What is causing many cities to literally lose ground other than the downflow to oceans of melting polar ice caps due to the climate change phenomenon?
My readings point to glaring facts: poor urban planning and environmental degradation, among others. Traditional disaster risk reduction measures must be made holistic, too, and sufficient enough to address concerns on a warming planet, a Daily Inquirer article said.
A case in point: the extraction of groundwater by industries and urban centers is pumping water from underground at a rate faster than what can be replenished, thereby causing the sinking of land over it.
What can be done to alleviate the situation in sinking cities?
Greenpeace, the environment conservation advocate, recommends the enabling of cities and communities “to build climate resilience by updating infrastructure, including establishing early warning systems, decentralizing climate information to enable more people to plan for climate impacts, and strengthening community-based disaster risk reduction and response to climate impacts.”
Another overseas organization, the Denmark-based COWI (short for an international consulting group named after founder civil engineer Christen Ostenfeld and eventual corporate partner Wriborg Jonson), had issued recommendations anchored on well-integrated and responsible urban planning.
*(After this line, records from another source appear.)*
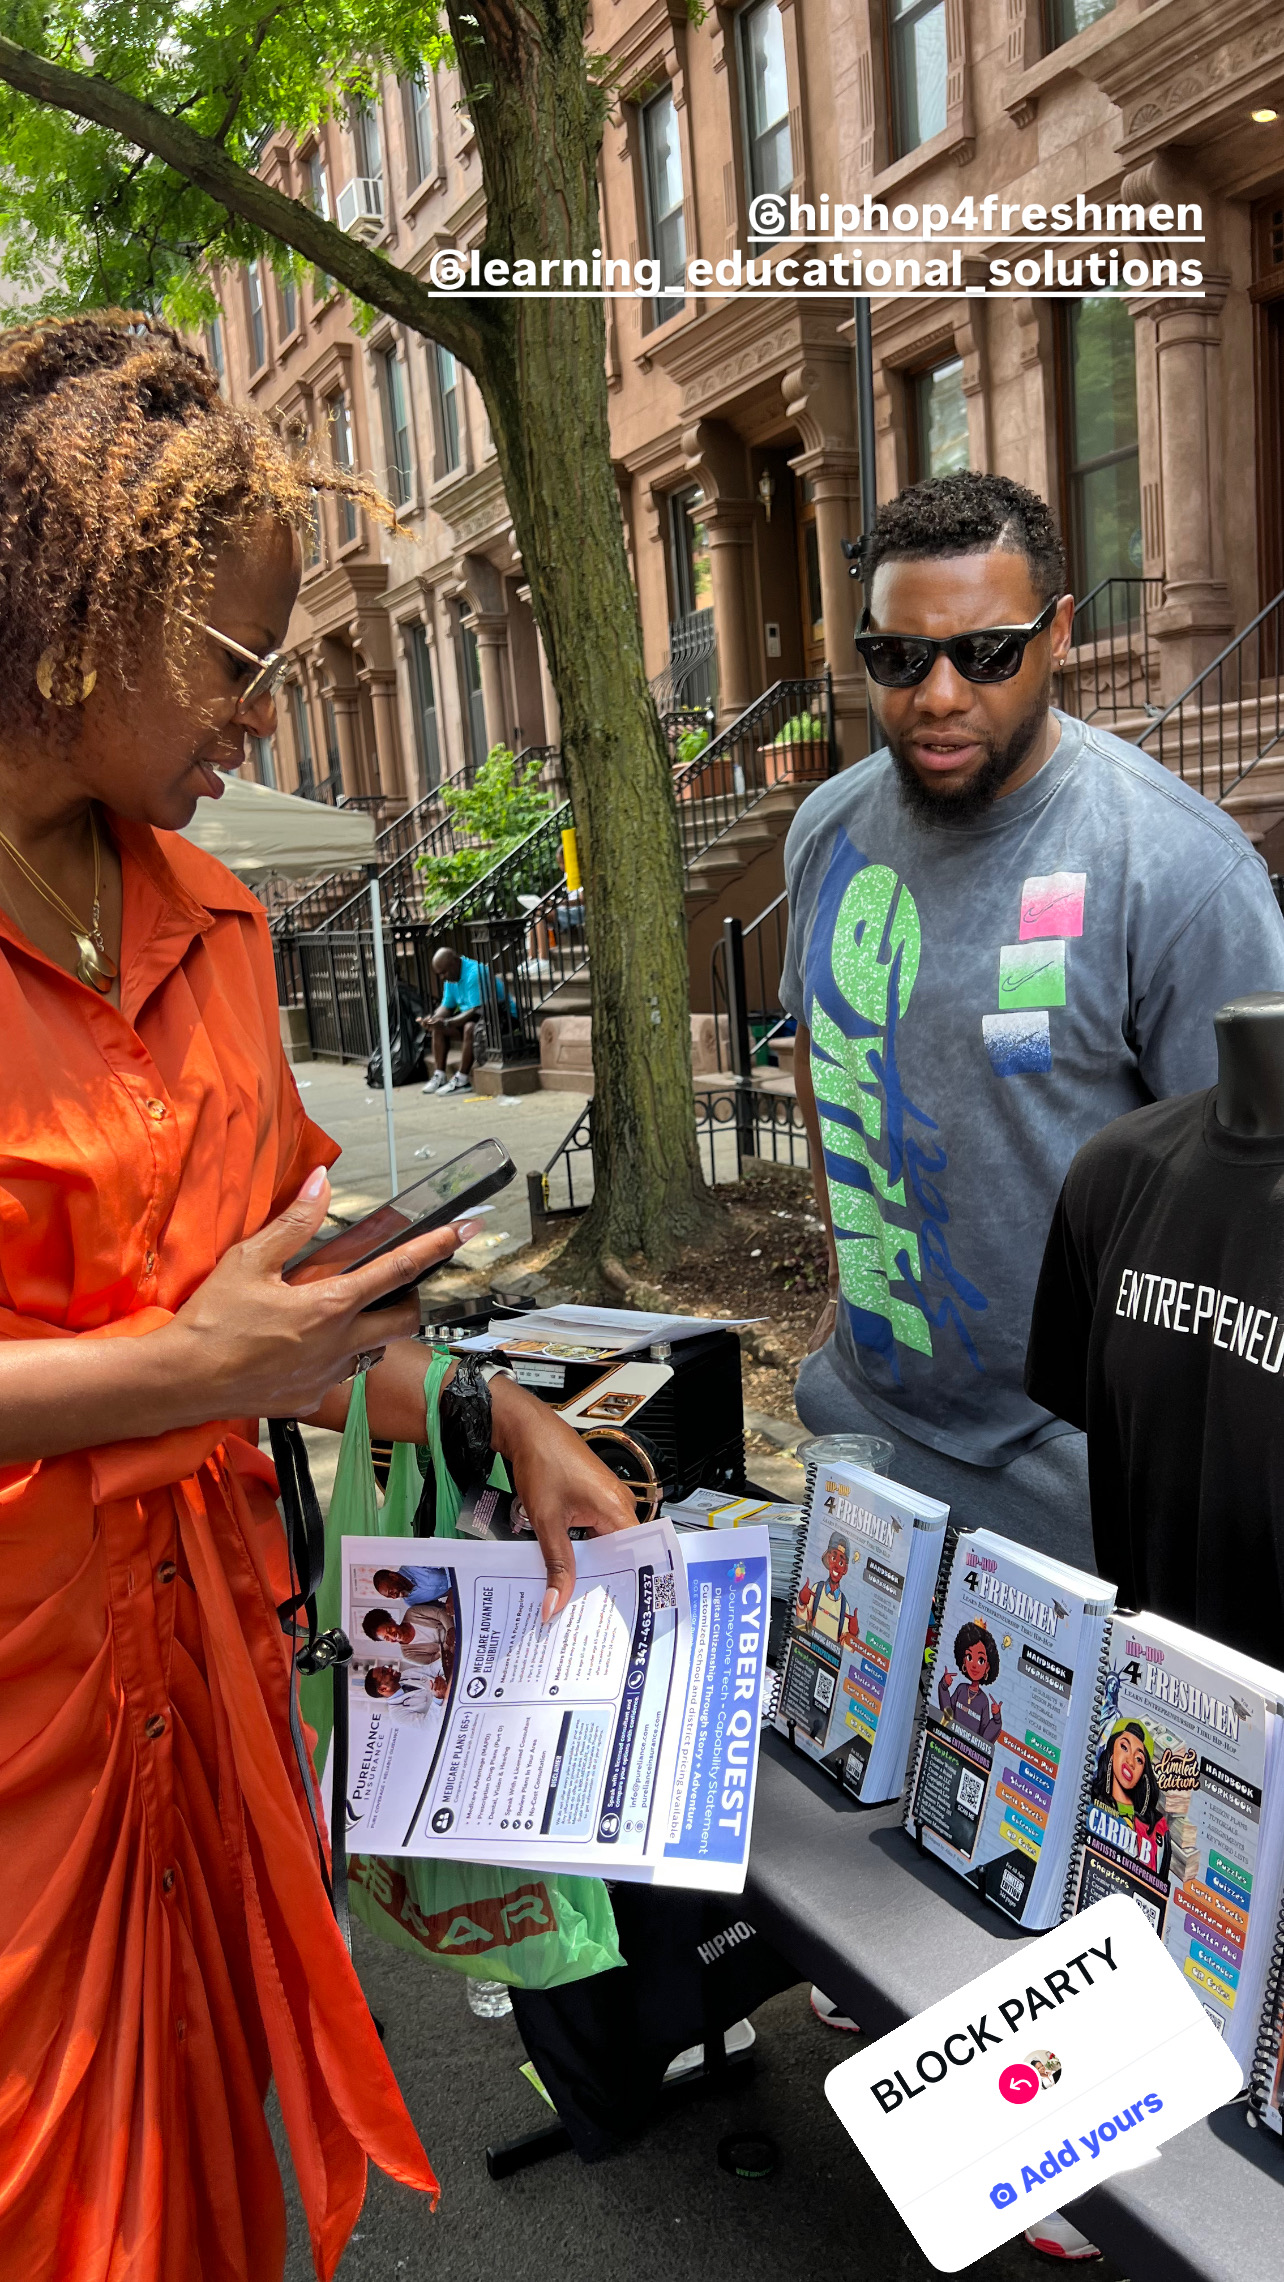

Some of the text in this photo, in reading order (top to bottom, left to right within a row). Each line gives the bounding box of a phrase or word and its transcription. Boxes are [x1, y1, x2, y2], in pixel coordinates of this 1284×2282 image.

[824, 1496, 836, 1514] 4
[836, 1497, 895, 1548] FRESHMEN
[966, 1552, 997, 1573] HIP-HOP
[635, 1573, 652, 1666] 347-463-4737
[711, 1587, 721, 1621] Digital
[964, 1571, 1058, 1638] 4 FRESHMEN
[473, 1585, 493, 1673] MEDICARE ADVANTAGE
[500, 1657, 511, 1683] Medicare
[515, 1591, 525, 1616] Required
[555, 1655, 566, 1680] Medicare
[561, 1628, 572, 1654] Eligibility
[567, 1604, 577, 1627] Required
[483, 1630, 500, 1672] ELIGIBILITY
[705, 1623, 720, 1681] Citizenship
[1026, 1650, 1066, 1678] HANDBOOK
[1125, 1640, 1165, 1665] HIP-HOP
[1024, 1663, 1065, 1692] WORKBOOK
[668, 1584, 709, 1839] Customized school and district pricing available
[699, 1684, 714, 1728] Through
[717, 1582, 762, 1836] CYBER QUEST
[1123, 1660, 1240, 1742] 4 FRESHMEN
[619, 1710, 630, 1741] consultant
[698, 1584, 737, 1854] JourneyOne Tech Capability Statement
[1124, 1688, 1142, 1702] LEARN
[1144, 1697, 1195, 1730] ENTREPRENEURSHIP
[1213, 1735, 1237, 1754] HIP-HOP
[352, 1712, 381, 1800] PURELIANCE
[441, 1710, 472, 1803] MEDICARE PLANS (65+)
[489, 1748, 499, 1765] Plans
[526, 1753, 535, 1768] Your
[530, 1738, 538, 1753] Area
[615, 1742, 624, 1767] licensed
[622, 1742, 631, 1765] options
[639, 1710, 662, 1807] purelianceinsurance.com
[694, 1730, 707, 1759] Story
[929, 1740, 959, 1766] Chapters
[971, 1735, 991, 1755] ARTISTS
[1003, 1735, 1053, 1774] Brainstorm Pad
[1030, 1736, 1056, 1758] Puzzles
[363, 1734, 384, 1800] INSURANCE
[485, 1765, 494, 1781] Drug
[493, 1777, 503, 1796] Vision
[499, 1745, 510, 1770] Hearing
[504, 1716, 532, 1816] Speak With Licensed Consultant
[550, 1754, 562, 1788] DISCLAIMER
[611, 1772, 619, 1787] with
[619, 1766, 627, 1779] your
[629, 1723, 650, 1808] info@pureliance.com
[1023, 1766, 1050, 1789] Quizzes
[1205, 1763, 1254, 1798] HANDBOOK
[465, 1790, 477, 1819] Medicare
[473, 1757, 485, 1789] Advantage
[521, 1775, 530, 1793] Plans
[528, 1750, 547, 1816] No-Cost Consultation
[608, 1788, 616, 1807] Speak
[614, 1780, 624, 1807] compare
[1034, 1792, 1047, 1806] Pad
[1203, 1779, 1253, 1814] WORKBOOK
[476, 1782, 490, 1819] Prescription
[516, 1793, 526, 1816] Review
[684, 1771, 701, 1830] Adventure
[957, 1804, 975, 1821] SCAN ME
[1093, 1798, 1120, 1818] FEATURING
[1208, 1802, 1248, 1831] LESSON PLANS
[1088, 1807, 1153, 1864] CARDI B
[1207, 1823, 1245, 1851] ASSIGNMENTS
[1208, 1813, 1238, 1836] TUTORIALS
[1086, 1834, 1091, 1844] 4
[1091, 1836, 1116, 1860] ARTISTS
[1121, 1855, 1167, 1894] ENTREPRENEURS
[1206, 1833, 1248, 1864] KEYWORD LISTS
[1090, 1859, 1130, 1889] Chapters
[1216, 1859, 1247, 1885] Puzzles
[1190, 1883, 1244, 1925] Lyric Sheets
[1213, 1876, 1245, 1903] Quizzes
[1177, 1893, 1241, 1943] Brainstorm Pad
[1190, 1922, 1237, 1961] Sketch Pad
[1198, 1951, 1234, 1980] Calendar
[1192, 1967, 1230, 2000] QR Codes
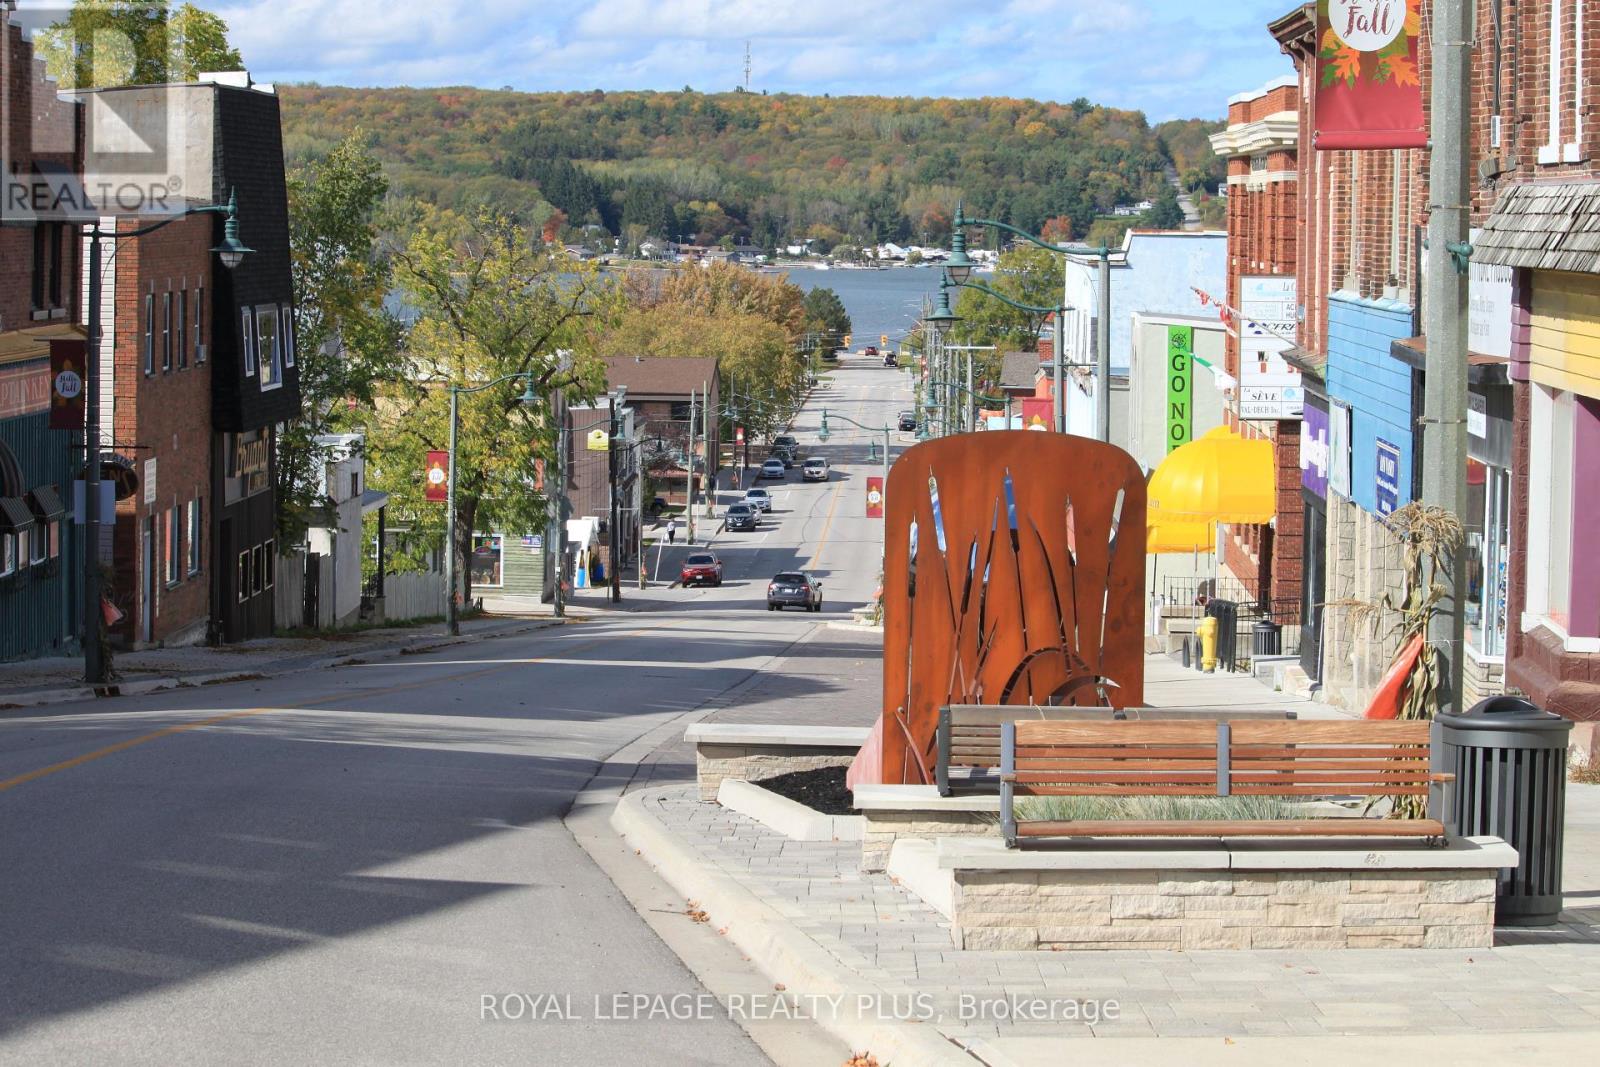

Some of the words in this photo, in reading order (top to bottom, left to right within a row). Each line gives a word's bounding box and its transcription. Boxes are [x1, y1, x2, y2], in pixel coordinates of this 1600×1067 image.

[1342, 2, 1395, 39] Fall
[1171, 354, 1186, 393] GO
[1171, 402, 1185, 451] NO
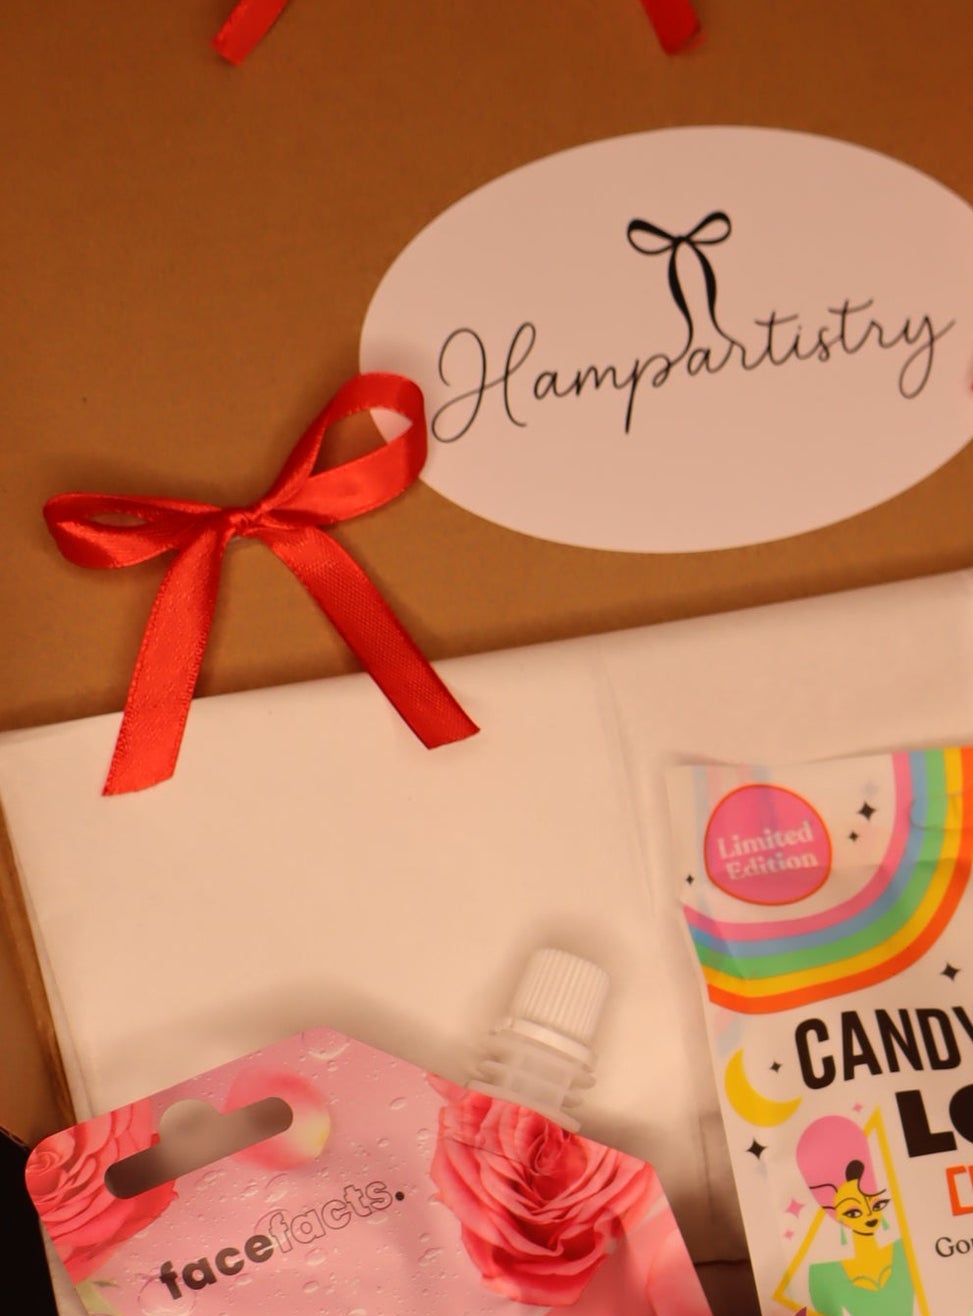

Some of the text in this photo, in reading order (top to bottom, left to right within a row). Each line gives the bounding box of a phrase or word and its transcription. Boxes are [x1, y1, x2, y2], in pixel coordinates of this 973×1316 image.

[431, 298, 955, 444] Hampartistry
[717, 820, 814, 860] Limited
[725, 851, 819, 881] Edition
COWI is an international consulting group specializing in engineering, environmental science and economics.
The COWI recommendations are anchored on:
• Sustainable water management
• Restoration of water ecosystem in urban centers and
• ‘Waterproof’ urban planning
COWI further mentions the position of some researchers – that, instead of ‘fighting’ with the ocean, urban planners and decision makers must ‘cooperate’ with it by, among others, building floating cities fully adaptable to changing water levels.
Unless our national and local governments adopt workable and immediate measures, we have to prepare ourselves to live in a water world, where we are reminded of poet Samuel Taylor Coleridge’s Rime, “Water, water everywhere, nor any drop to drink.”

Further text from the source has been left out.